When Love Is Not Enough

A year ago today, we sat by Tarica’s bed at Children’s Hospital of Pittsburgh, waiting for the MRI results. We did not know what was wrong with her, and we prayed for strength to face the verdict.

Today, another set of parents sit by the bedside of another little girl in another hospital. Shianna had a severe seizure last night and was airlifted because she was unresponsive. I don’t want to think about the terror her parents felt. And her story strikes closely home: She is my cousin’s daughter.

After I heard the news, I put my head down on the table and cried one big gulping sob. But no more. Tears would not help. I sat up, wiped my eyes, and reached for the words.

This one is for Shianna, for all the little ones who fight battles bigger than they are, battles that break our hearts.

* * *

When they were small and sad, I held them until they smiled. When they fell in those first toddling steps, I scooped them up and kissed away the hurt.

Our world was little and safe and predictable. I doctored scrapes and colds, and I made oatmeal and promises, and we all lived as happily as if Ever After was now. I loved my children so strong it felt as if nothing could touch us.

But reality pricked holes into my cocoon of safety. There was the burn on Jenica’s face, scars she still wears. There was Tarica’s colic, and there was Micah’s repeated bronchiolitus/asthma attacks during his first year. There was the challenge of helping our daughters negotiate broadening social worlds and the difficulties found outside our sheltering walls.

My children faced problems I could not fix. I was helpless to counteract their pain, and it hurt. I wanted nothing more than to preserve our safe little world.

And then came—not a pinprick, but a slash, a tear, a gash through my world. Epilepsy took away my safety net, and I fell and fell and fell.

I could not love her enough to protect her, to heal her, to make promises, and it was a slash, a tear, a gash through my heart.

I think all mothers face this sooner or later. Some lose that safe cocoon on the day they find the unmistakable stamp of Down’s syndrome on their precious newborn’s face. Some lose their safety net in weeks spent in the NICU or in the wreckage of an accident or in the irrevocable words of a medical diagnosis. Social rejection. Academic failure. Marital conflict. Brutal words.
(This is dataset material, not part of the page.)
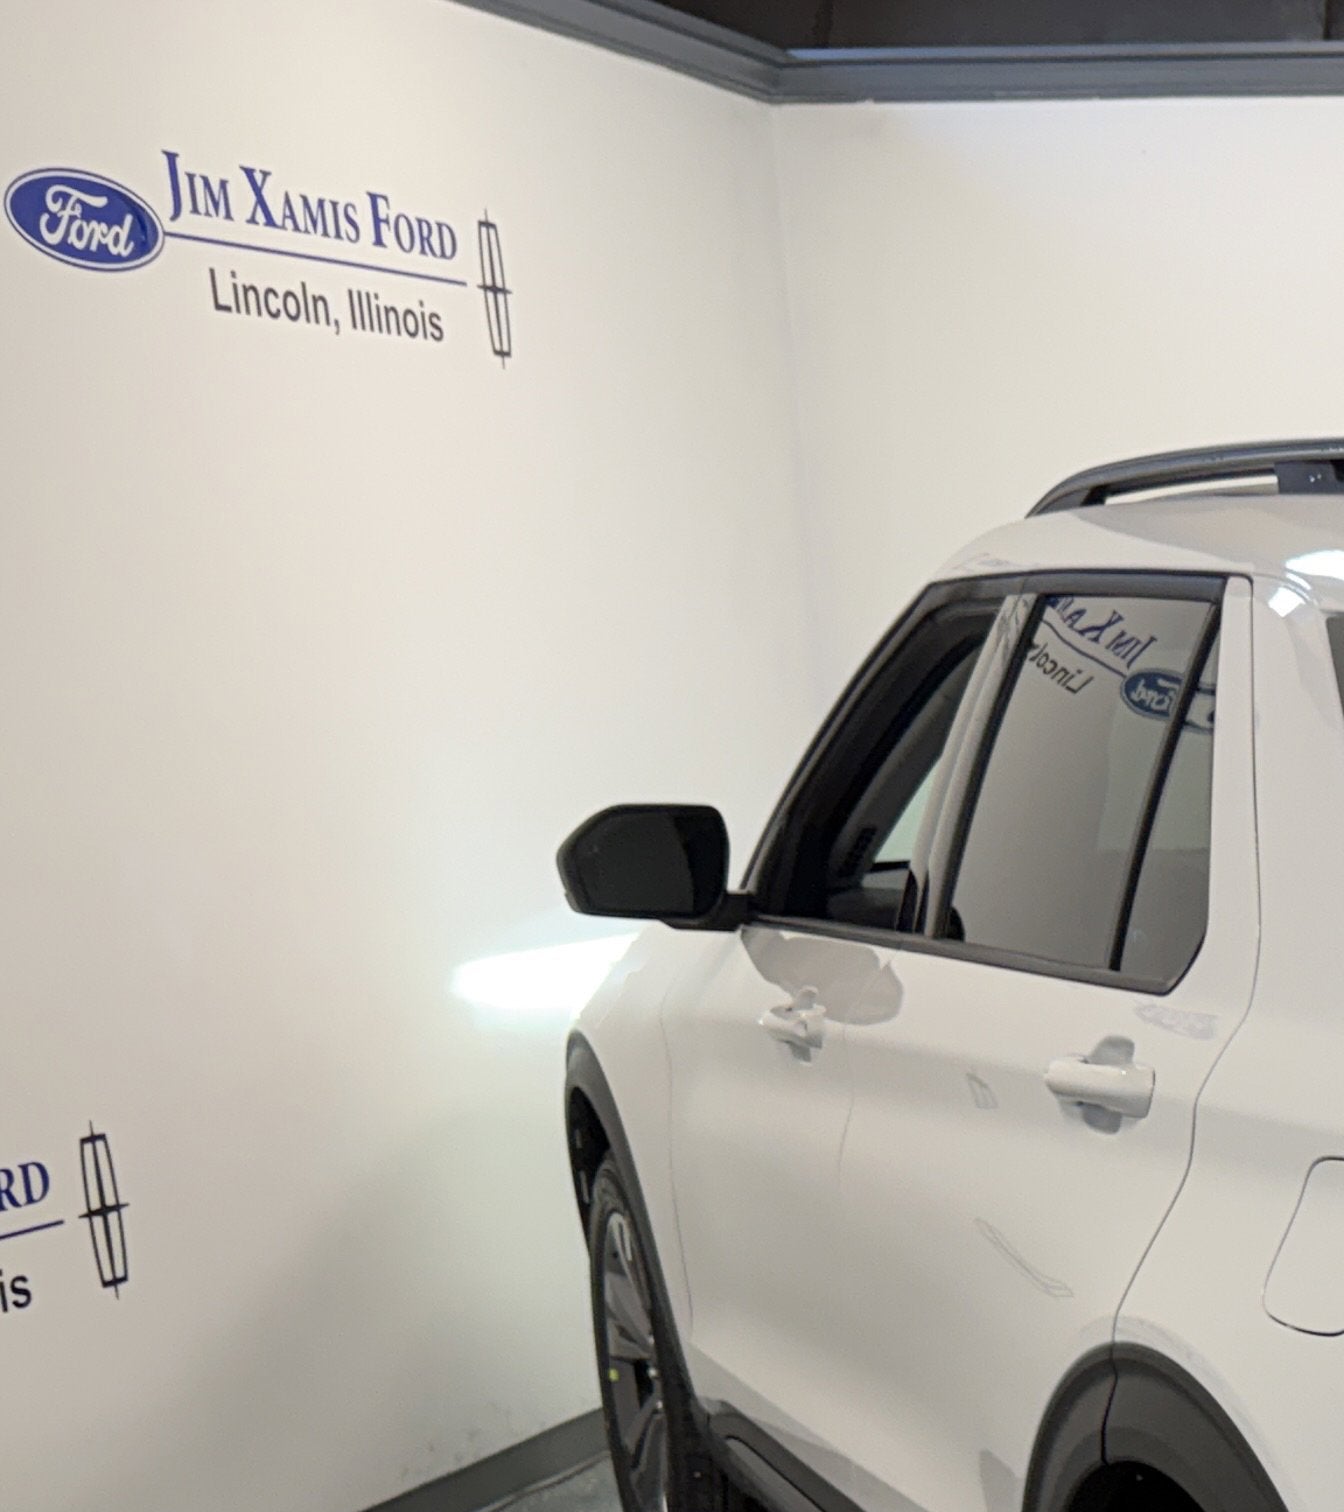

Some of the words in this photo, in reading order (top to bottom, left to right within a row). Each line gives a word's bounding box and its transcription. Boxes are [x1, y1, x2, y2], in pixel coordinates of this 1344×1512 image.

My love is not enough to keep my children safe.

What does a mother do when love is not enough?

She cries. She worries. She fears. She hugs them until they squirm in protest.

She alone is the mother of these children. No one else has loved them as she has, and who else feels this pain so deeply?

But if she is to be comforted, she also prays, because who else but God can comfort?

Lord, be for my children what I cannot.

And love—His love—is enough to bring us safely home.

* * *

P.S. I talked with Shianna’s aunt this morning, and it sounds like she is doing better. They suspect it was a febrile seizure.

No matter the diagnosis, it will be a long time before her parents forget the terror. I pray they will know God’s peace and comfort in the coming days.

12 thoughts on “When Love Is Not Enough

  1. Thanks for this post, Stephanie! I am a mother to a Down Syndrome son. I fell and fell and fell…….( I love the way you expressed that!) I cry. I worry. I fear. I hug……sometimes I doubt. And always that gash in the safety net reveals things that will never be the same. But I hope too. And I pray. And I grapple to find that Hand to hold on to. But that Hand never moved. He was there all the time. It was I, that struggled and floundered like a fish in a net. He still is. He still cares. He is there. He is.

  2. I too shed tears last night. I too know the feeling of uncertianty because of seizures, in our children. Shianna’s mother is my neice. I cried for the parents, I love them. Our daughter was sensitive because she knows what seizures are and Shiannas mother is a special cousin. I took such comfort in knowing God had them all in the palm of His hand! He loves and cares for His own… even through these difficult things. Diane

  3. Stephanie,
    Your words are so touching and moving and true. Again, you minister to me.
    Thank you so much. I’ve added Shianna and her family to my prayer list.

  4. Thank you for ministering to us in the midst of your own journey. Those words were what I needed to hear at the end of this difficult week!
    “Lord be for my children what I cannot” ….and He can!

  5. I have been following your story through your blog and yesterday read this post through blinding tears. My little girl (a prison baby but child of my heart) flew away from me suddenly yesterday in an accident on the highway in front of our house. She is safe but oh it hurts! thanks to God for His comfort.

    • Oh, Glenda. My heart hurts for you. May the One who holds your baby hold you also, so closely, so securely that you cannot doubt His love.

      I will pray for you.

  6. Thank you for this beautiful post, Stephanie. It blesses me to think that as I long and sometimes agonize over my children, so the Father does over us as His children. He is such a powerful, but tender Father. I’m so happy to be His daughter, and safe in His care, even if I don’t understand His ways or wisdom all the time.